Поведение матерей иногда такое странное. Хотя… может и не странное…
Увидь я на месте Маргариты Стрельниковой Тебя разве бы не стал делать то же самое или что-нибудь более безумное?
— Олег скоро привезет чистую одежду, я помогу тебе переодеться и сразу же поедем домой. Какой же ты у меня красавчик. Вроде и видимся каждый день, но все равно не могу тобой налюбоваться. Виктор Игнатьевич тебя сегодня так расхваливал. Говорил, что еще никто до тебя не проходил тесты с такими впечатляющими показателями. Хотя я ему всегда говорила, что тебе здесь делать нечего и дома, под присмотром любящих тебя людей ты бы пришел в себя намного быстрее. Разве я не права? Или ты не хотел бы поскорее уехать отсюда? Про возвращаться обратно даже не заикаюсь.
Приходится кривить губы в подобии понимающей и в чем-то даже участливой улыбке. Иногда такое нужно делать — проявлять хоть какое-то подобие человеческих эмоций, пусть при этом и понимаешь, что ничего, кроме игровой мимики ты показать не можешь. Потому что уже давно ничего такого не испытываешь, оно давно в тебе атрофировалось и совершенно перестало чем-то задевать и мысли, и душу. Зато другим это необходимо. Им без этого просто никак. Без наивной веры в то, что ты все еще жив и продолжаешь существовать, как и прежде, такой же, как и две недели назад. Что рано или поздно, но ты обязательно к ним вернешься. Иначе ведь никак. По-другому и не бывает, правда же?

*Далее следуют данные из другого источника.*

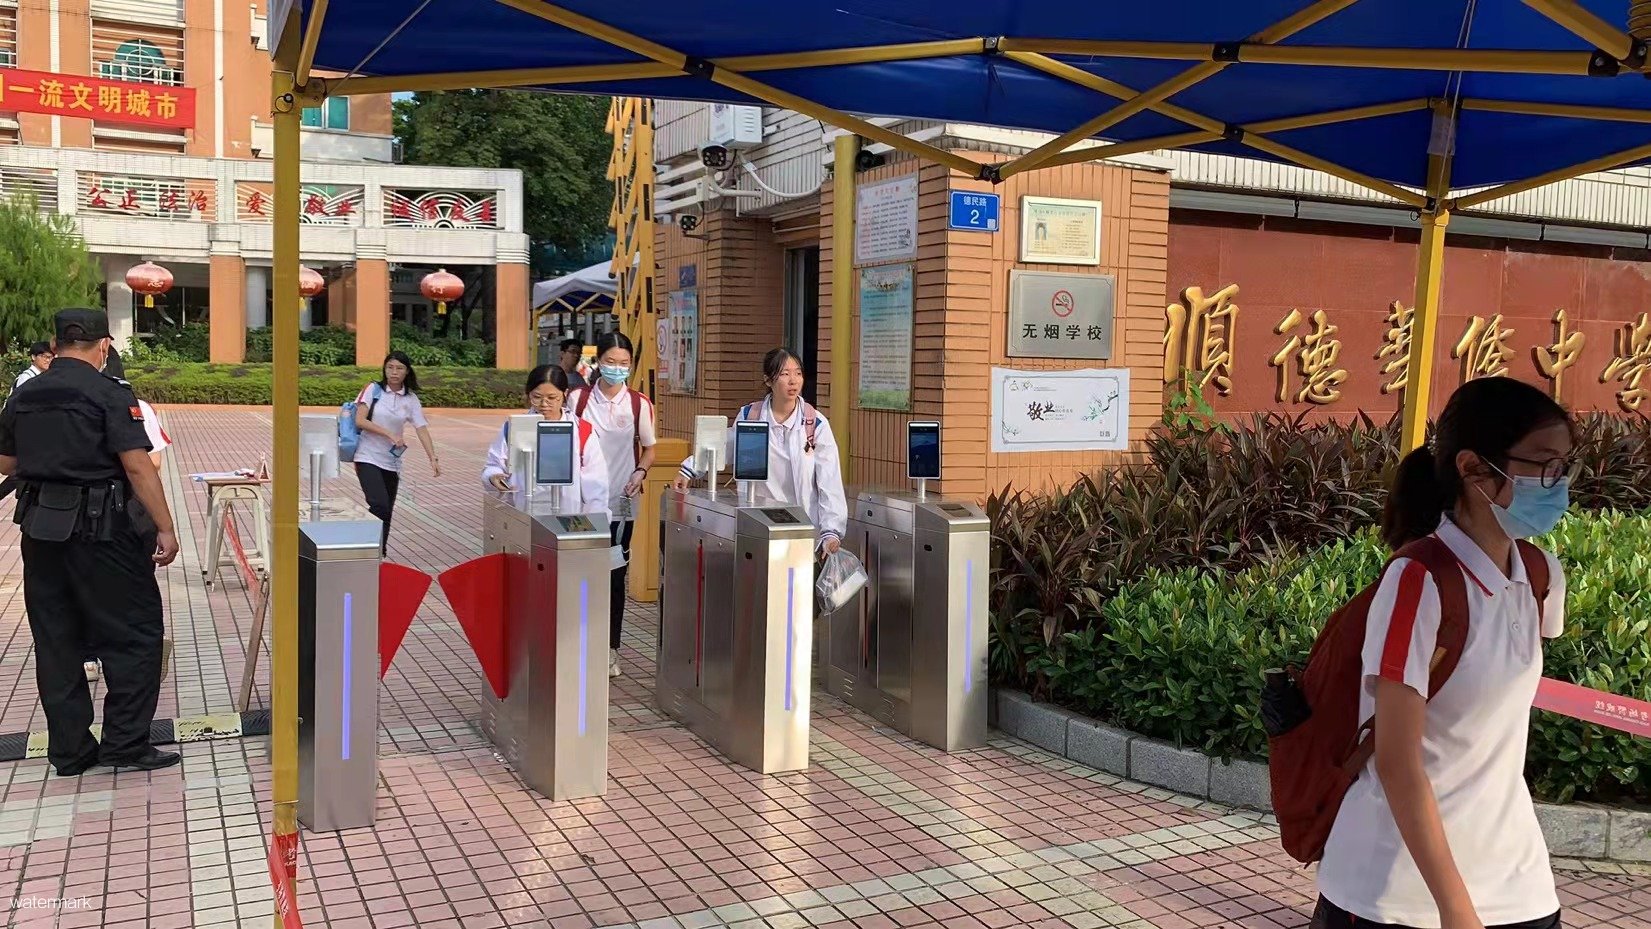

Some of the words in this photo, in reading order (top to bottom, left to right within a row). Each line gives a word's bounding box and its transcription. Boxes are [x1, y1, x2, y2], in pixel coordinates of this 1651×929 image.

[0, 74, 179, 120] 一流文明城市
[963, 195, 987, 207] 德民路
[970, 209, 979, 224] 2
[1022, 323, 1102, 340] 无烟学校
[1027, 400, 1055, 421] 敬业

— Так что еще совсем немного и-и… Будем уже ужинать вместе за одним столом, как в старые добрые времена. Я еще тут немножко, правда, побегаю, по кабинетам главредов, пособираю подписи с печатями, а потом уже вместе дождемся машины, переоденем эту жуткую пижаму и сразу домой.
Жуткая пижама все равно успела получить и свою порцию ласковых поглаживаний по едва заметным складкам. Куда уж без этого? Этот ритуал пора уже заносить в книгу Гиннесса по самым частым повторениям за последнее энное количество дней. Хорошо, что матери сегодня есть чем здесь заняться еще помимо целого часа бессмысленного надоедания подобной болтовней с непрерываемым тактильным общением. Разве что, по правде говоря, я и сам не могу определиться со своим восприятием к ее назойливым посещениям. Нравится мне это или, наоборот, раздражает? По ходу, мне уже просто все равно. А ее навязчивость можно сравнить лишь с бликами осеннего солнца, то и дело прорывающихся сквозь грузные "отары" дождевых облаков и норовящих проскользнуть в палату через живую решетку листьев и ветвей внешнего сада.